Each of these structures is designed to meet specific investor requirements, offering varying degrees of regulatory oversight and operational flexibility, depending on fund size, investor base and investment strategy.

Flexible Corporate Structures

Jersey structures provide a clear and secure legal framework for investment and for deal structuring. Accordingly, the jurisdiction’s fund structures are designed to cater to a global investor base with varying needs, while its corporate structures provide the necessary tools for executing complex private equity transactions.

In recent years Jersey’s commitment to transactability and compliance with international standards has bolstered its reputation as a premier jurisdiction for global private equity activities.

Regarding private equity transactions, Jersey corporate structures have also been tested across multiple economic cycles. The most commonly used vehicles are:

  • Jersey Limited Companies: These are flexible, can be incorporated quickly, and are familiar to international investors, with regular enhancements.
  • Protected Cell Companies (PCCs) and Incorporated Cell Companies (ICCs): These structures allow for the segregation of assets and liabilities between different cells, which can be useful for managing multiple investment projects.

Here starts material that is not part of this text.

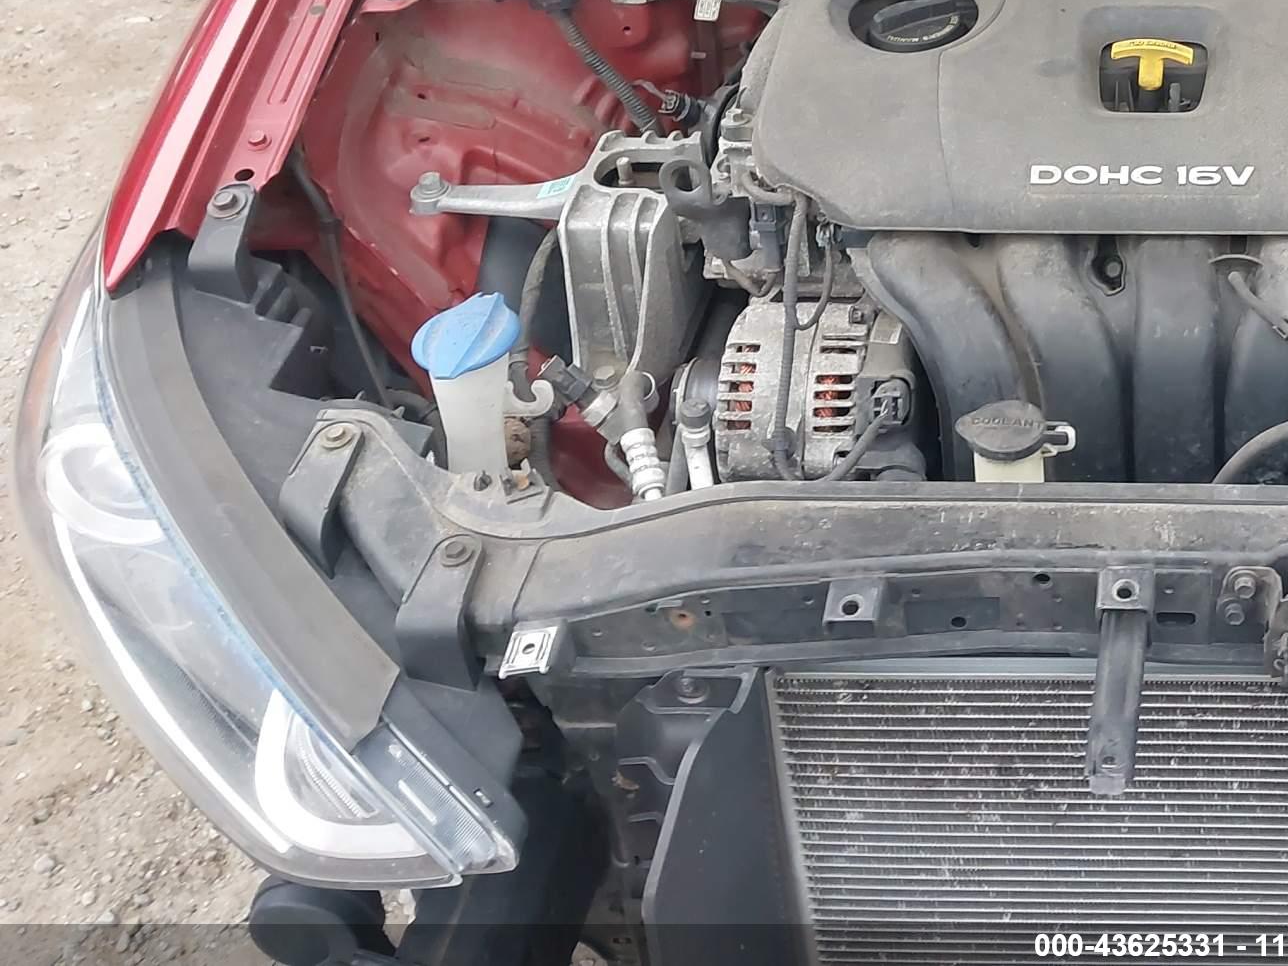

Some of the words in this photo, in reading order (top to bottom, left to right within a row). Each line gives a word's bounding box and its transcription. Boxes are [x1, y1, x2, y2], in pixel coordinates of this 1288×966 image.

[1029, 165, 1163, 185] DOHC
[1176, 165, 1255, 186] 16V
[971, 417, 1042, 429] COOLANT
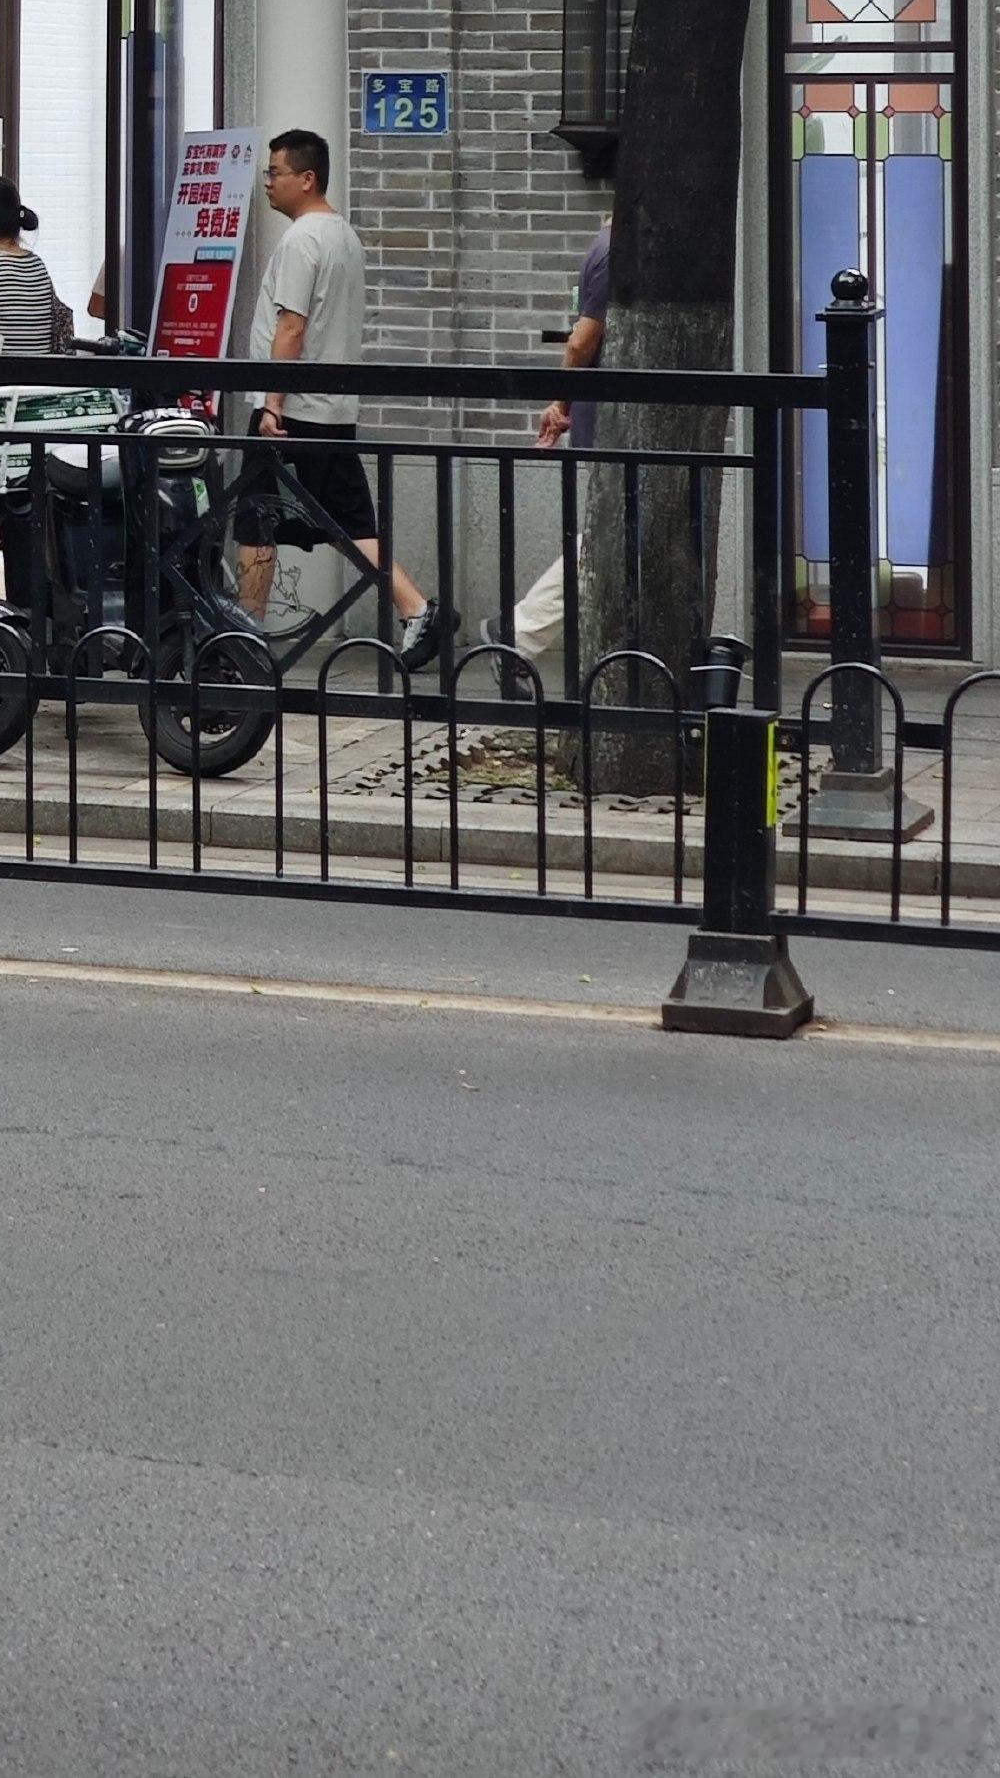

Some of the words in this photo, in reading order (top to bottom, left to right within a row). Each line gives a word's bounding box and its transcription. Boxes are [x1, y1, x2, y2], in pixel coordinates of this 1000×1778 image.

The JFSC has been working on ensuring that Jersey remains compliant with international Anti-Money Laundering standards. In July 2024, MONEYVAL, the Council of Europe’s permanent monitoring body, published their Mutual Evaluation Report (MER) for Jersey which confirmed that Jersey’s effectiveness in preventing financial crime is among the highest level found in jurisdictions evaluated around the world.

How Does Jersey Support Private Equity Businesses?

The asset class has diversified into a wider range of closed-ended funds such as venture funds, real estate funds, infrastructure funds, business development companies, private debt funds, Shariah-compliant funds, loan origination funds, hybrid funds and evergreen funds.

Jersey based services will often include input at all stages of the fund life cycle, such as:

  • Establishing funds
  • Establishing acquisition, holding companies and financing vehicles
  • Acquiring, investing in, and disposing of portfolio companies
  • Secondary / distressed acquisitions
  • Financing
  • Group restructurings and reorganisations
  • Investor reporting

The facilitation of downstream fund investments has led to even more specialised fiduciary and administration services being provided to closed-ended funds and their managers from key global financial centres.

Within the context of the aforementioned perspectives, it has been encouraging to see an increased number of industry participants with global profiles increase their investment in Jersey. As the global private equity industry continues to develop, we anticipate the sophistication of Jersey’s offering will continue to stay ahead of the curve.